READ: ‘He was suffocating’: Botched death row executions serve as warning sign for assisted suicide

Robert Dunham, executive director of the Death Penalty Information Center, told Newsweek last year that there are ethical issues with experimenting on human beings in such a manner.

“In a very real sense, execution by nitrogen hypoxia is experimental,” he said. “It has never been done before and no one has any idea whether it is going to work the way its proponents say it will. And there is no way to test it because it is completely unethical to experimentally kill someone against their will. If nitrogen hypoxia works as its proponents suggest, it may be a legitimate alternative to lethal injection. If it doesn’t, it will be just another method of execution that — like the electric chair and lethal injection — was promoted as being quick, effective and painless but isn’t.”

A judge ordered the state of Alabama to determine, once and for all, if it is ready to execute someone using nitrogen hypoxia. Ultimately, Alabama chose not to move forward with the nitrogen hypoxia execution, though it could still be used on another person in the future. Alabama Corrections Commissioner John Q. Hamm released a brief statement saying Alabama “cannot carry out an execution by nitrogen hypoxia on September 22,” but gave no information on if they would consider it in the near future for someone else.

Lethal injection is the state’s preferred method of execution because it has been thought to be more humane than other execution methods, yet decades of its use have shown that it can actually be excruciatingly painful, with some executions taking hours to complete while the person writhed and moaned in pain.

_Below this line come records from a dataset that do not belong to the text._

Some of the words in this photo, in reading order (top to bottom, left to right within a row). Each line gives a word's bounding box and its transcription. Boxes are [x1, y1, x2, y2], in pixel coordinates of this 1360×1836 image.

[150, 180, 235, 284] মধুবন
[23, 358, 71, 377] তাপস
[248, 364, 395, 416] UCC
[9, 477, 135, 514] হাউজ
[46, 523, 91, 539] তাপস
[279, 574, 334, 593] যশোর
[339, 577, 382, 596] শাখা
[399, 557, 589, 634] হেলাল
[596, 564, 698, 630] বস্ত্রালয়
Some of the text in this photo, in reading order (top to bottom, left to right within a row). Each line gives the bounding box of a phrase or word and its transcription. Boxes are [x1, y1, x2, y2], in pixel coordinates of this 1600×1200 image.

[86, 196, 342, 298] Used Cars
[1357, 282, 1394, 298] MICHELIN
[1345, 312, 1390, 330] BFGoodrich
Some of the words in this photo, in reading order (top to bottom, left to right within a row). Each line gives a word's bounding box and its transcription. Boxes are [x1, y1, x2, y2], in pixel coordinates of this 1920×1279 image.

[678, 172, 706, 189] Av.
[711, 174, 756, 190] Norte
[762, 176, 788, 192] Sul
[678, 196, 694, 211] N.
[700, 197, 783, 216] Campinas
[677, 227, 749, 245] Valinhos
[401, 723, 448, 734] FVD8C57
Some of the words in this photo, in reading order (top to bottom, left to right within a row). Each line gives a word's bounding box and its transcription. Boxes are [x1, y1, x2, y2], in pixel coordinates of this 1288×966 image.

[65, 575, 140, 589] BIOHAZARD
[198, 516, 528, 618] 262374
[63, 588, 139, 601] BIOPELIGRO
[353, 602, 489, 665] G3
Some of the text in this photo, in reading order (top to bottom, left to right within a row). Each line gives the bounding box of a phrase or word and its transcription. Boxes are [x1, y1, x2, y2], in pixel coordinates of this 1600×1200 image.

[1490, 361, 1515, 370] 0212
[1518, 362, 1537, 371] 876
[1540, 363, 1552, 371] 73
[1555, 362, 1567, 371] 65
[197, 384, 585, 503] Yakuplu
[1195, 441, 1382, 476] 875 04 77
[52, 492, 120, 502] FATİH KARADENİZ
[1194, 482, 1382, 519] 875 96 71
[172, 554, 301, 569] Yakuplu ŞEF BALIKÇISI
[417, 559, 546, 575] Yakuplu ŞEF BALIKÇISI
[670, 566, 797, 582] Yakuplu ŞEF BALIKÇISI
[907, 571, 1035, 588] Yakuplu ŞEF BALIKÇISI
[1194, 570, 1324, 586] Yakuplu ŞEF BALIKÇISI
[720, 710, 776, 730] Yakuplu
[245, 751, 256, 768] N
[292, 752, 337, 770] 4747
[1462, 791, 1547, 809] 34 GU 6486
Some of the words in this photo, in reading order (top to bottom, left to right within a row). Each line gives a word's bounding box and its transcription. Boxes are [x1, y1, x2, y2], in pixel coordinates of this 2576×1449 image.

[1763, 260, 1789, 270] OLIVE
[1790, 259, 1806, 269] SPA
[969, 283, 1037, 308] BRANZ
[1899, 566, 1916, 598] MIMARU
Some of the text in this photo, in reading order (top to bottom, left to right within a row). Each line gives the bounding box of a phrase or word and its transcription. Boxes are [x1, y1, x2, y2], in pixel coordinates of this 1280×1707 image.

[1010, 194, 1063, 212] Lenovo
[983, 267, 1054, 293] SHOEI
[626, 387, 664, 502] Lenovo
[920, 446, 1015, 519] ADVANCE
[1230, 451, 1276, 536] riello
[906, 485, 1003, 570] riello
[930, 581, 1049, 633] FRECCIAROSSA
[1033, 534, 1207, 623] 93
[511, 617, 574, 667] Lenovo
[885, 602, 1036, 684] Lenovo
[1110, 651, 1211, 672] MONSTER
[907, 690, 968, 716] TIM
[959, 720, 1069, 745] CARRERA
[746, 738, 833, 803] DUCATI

The drugs used in lethal injection — despite their constant failures — are often used in assisted suicide as well. If Alabama moves forward with the use of nitrogen hypoxia in executions, would it also become an acceptable way for doctors to kill their patients once death row inmates have been experimented on first? Only time will tell, but for now, what is clear is that experimenting on a human being with the intent of causing their death is never ethical or acceptable.